At trial, the Petitioner moved to
suppress the evidence on the grounds that the Agent’s stop violated the
fourteenth amendment. The trial
court denied the motion and sentenced the Petitioner to ten months of
imprisonment. On appeal, the U.S.
Court of Appeals for the Fifth Circuit found that the trial court failed to find
whether the Agent had completed his immigration inquiry of the Petitioner when
he walked away to the back of the bus and then returned to the front of the bus,
and also if no, whether the stop was unreasonably prolonged.
On remand, the trial court found that the Agent’s second questioning
was not related to the Agent’s initial immigration inquiry, and that the stop
was unreasonably prolonged and violated the Petitioner’s fourteenth amendment
rights.
The U.S. appealed the trial court’s
finding and on appeal, the U.S. Court of Appeals for the Fifth Circuit stated
the rule that when an agent acknowledges that the immigration purpose of a stop
has been completed, further questioning may impermissibly extend the stop unless
the agent is alerted to additional facts that might raise a reasonable suspicion
of criminal activity. In this
case, there were no additional facts giving rise to reasonable suspicion, and as
a result, the stop was unreasonable and unconstitutional and any fruits of the
stop and seizure must and should have been suppressed.
*****
Andia
v. Ashcroft
Ninth
Circuit Court of Appeals
2004
U.S. App. LEXIS 3956
Petitioners
Rosmery Andia and her son Amilcar Torrez did not appear at their deportation
hearing and were deported, but claimed they never received notice of the hearing
so sought to reopen the case. The IJ denied their motion to reopen because
they waited seven months after learning of the deportation order before filing
their motion to reopen, and the BIA found no abuse of discretion by the IJ.
The Ninth Circuit granted the motion to reopen, citing federal law which allows
the filing of a motion to reopen an in absentia deportation order at any time on
lack of notice grounds.
Petitioners'
asylum application, prepared by an immigration consultant, included what the
petitioners claim was not their address but the address of their immigration
consultant. After a series of correspondence never received by the petitioners,
the IJ ordered deportation on February 9, 1996, but the petitioners were not
aware of the order until August of that same year when they contacted the
immigration consultant again to check on their asylum application.

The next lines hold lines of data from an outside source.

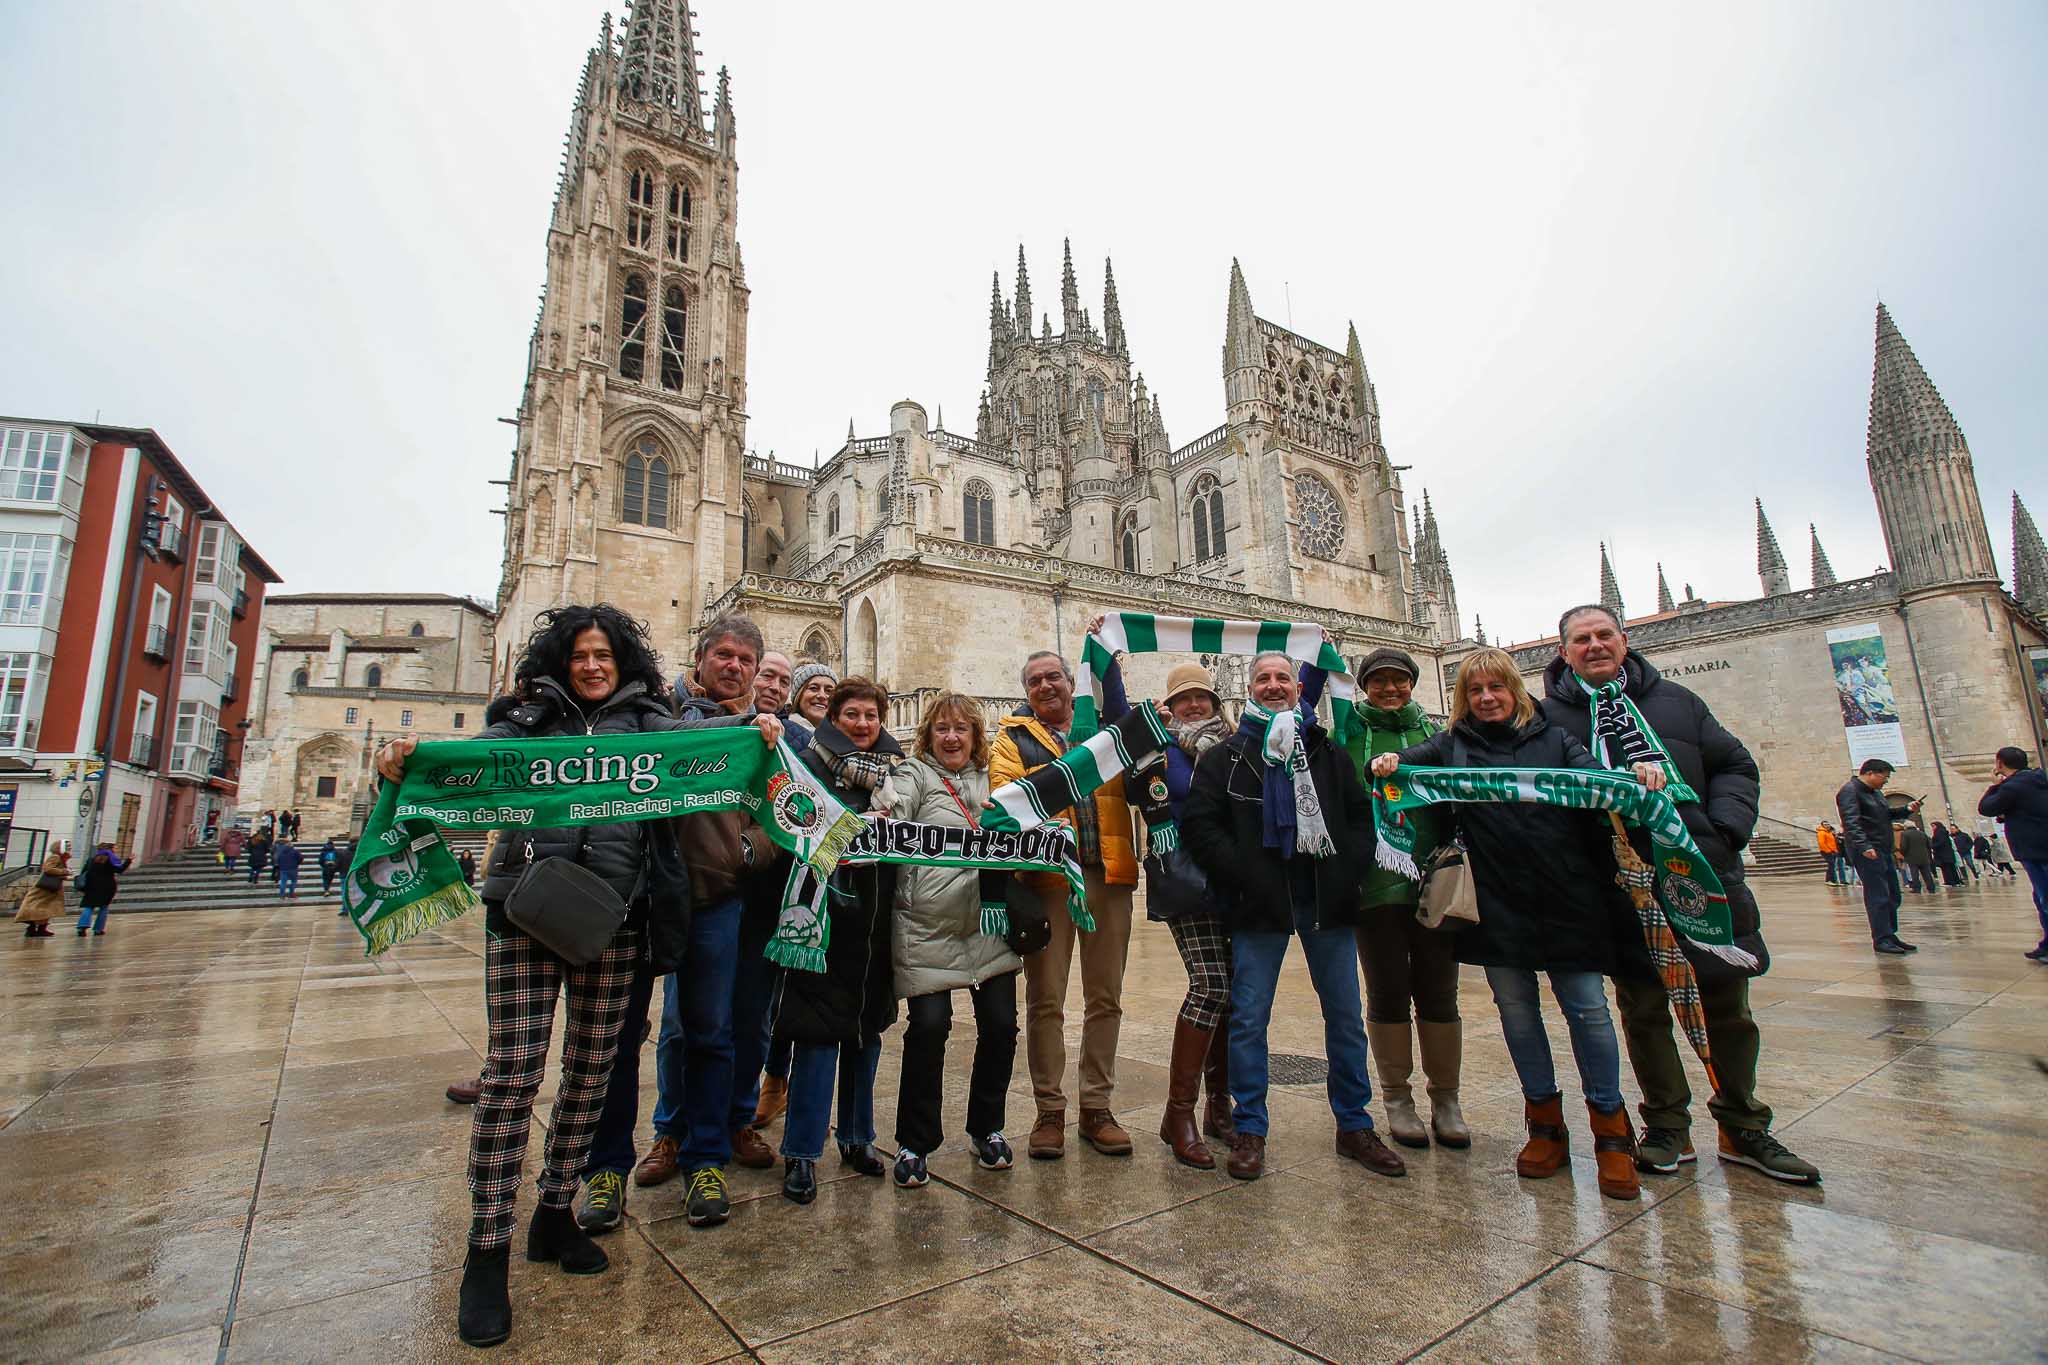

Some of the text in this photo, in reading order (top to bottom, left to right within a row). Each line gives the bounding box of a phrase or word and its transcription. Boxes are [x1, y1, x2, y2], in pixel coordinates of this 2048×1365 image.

[425, 746, 729, 795] Real Racing Club
[1415, 771, 1520, 804] RACING
[473, 807, 496, 822] de
[498, 806, 534, 824] Rey
[570, 802, 610, 819] Real
[612, 798, 671, 817] Racing
[684, 790, 720, 808] Real
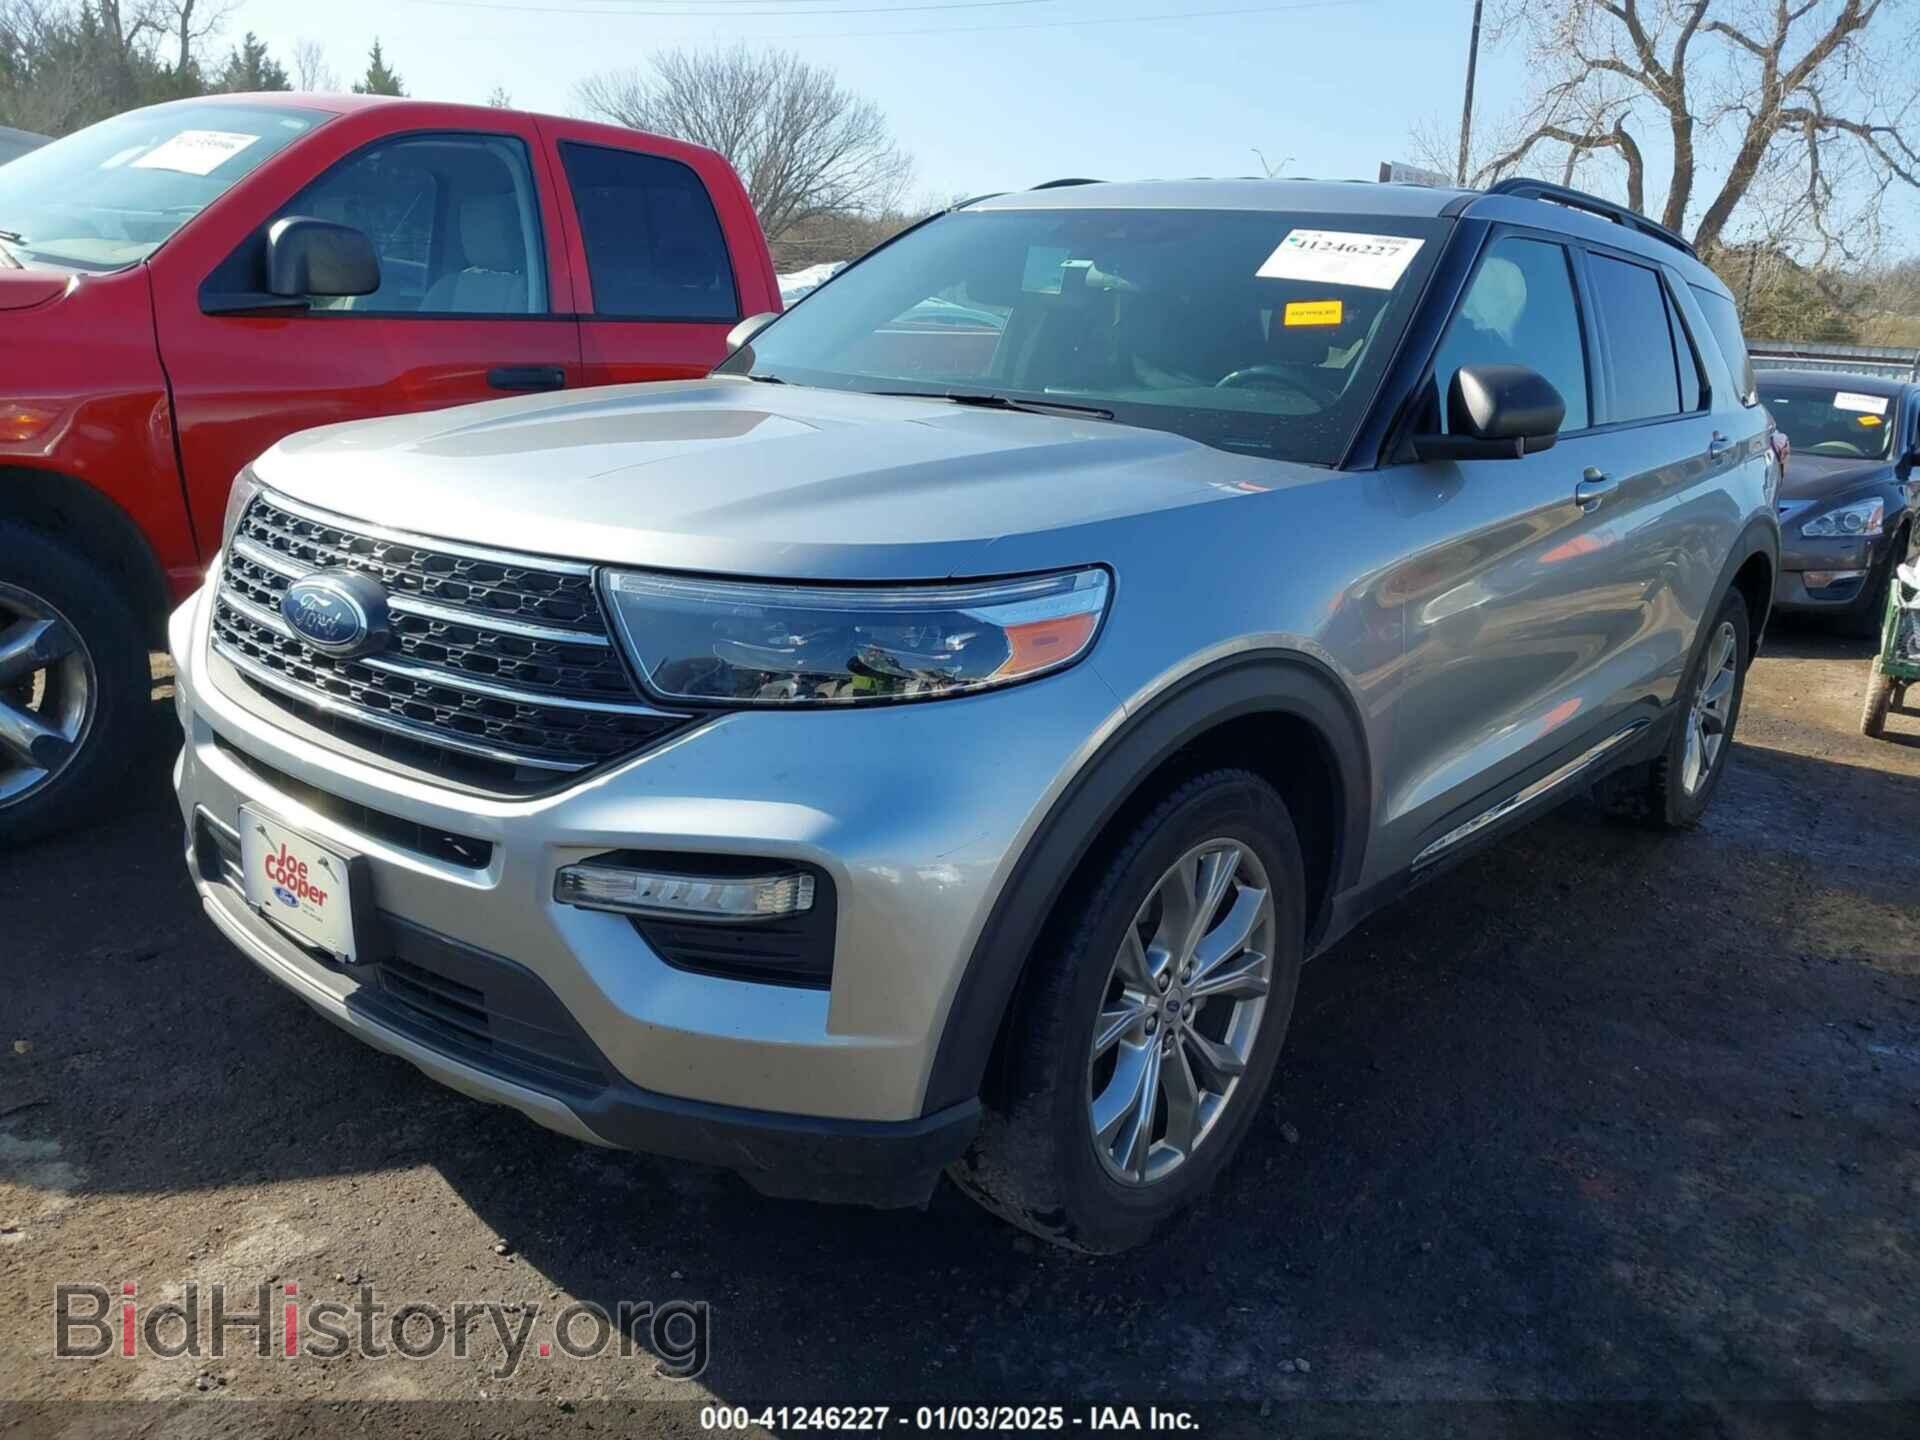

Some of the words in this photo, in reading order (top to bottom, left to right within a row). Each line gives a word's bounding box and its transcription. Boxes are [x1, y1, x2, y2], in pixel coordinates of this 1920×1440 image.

[294, 591, 342, 635] Ford
[265, 853, 328, 907] Cooper
[278, 842, 309, 879] Joe

Since the IJ did not address the lack-of-notice issue, which the BIA has clearly found relevant in motions to reopen, and the BIA did not resolve the notice issue, the Ninth Circuit found the BIA's holding contrary to law, granted the petitioners' motion, and remanded the case for further proceedings. The Ninth Circuit held that the IJ had arbitrarily and without authority set a time limit for a reopening motion when the statutes and regulations do not establish such a time limit. The court found unconstitutional any deportation without constitutionally adequate notice of the deportation hearing; aliens are permitted to raise lack of notice at any time.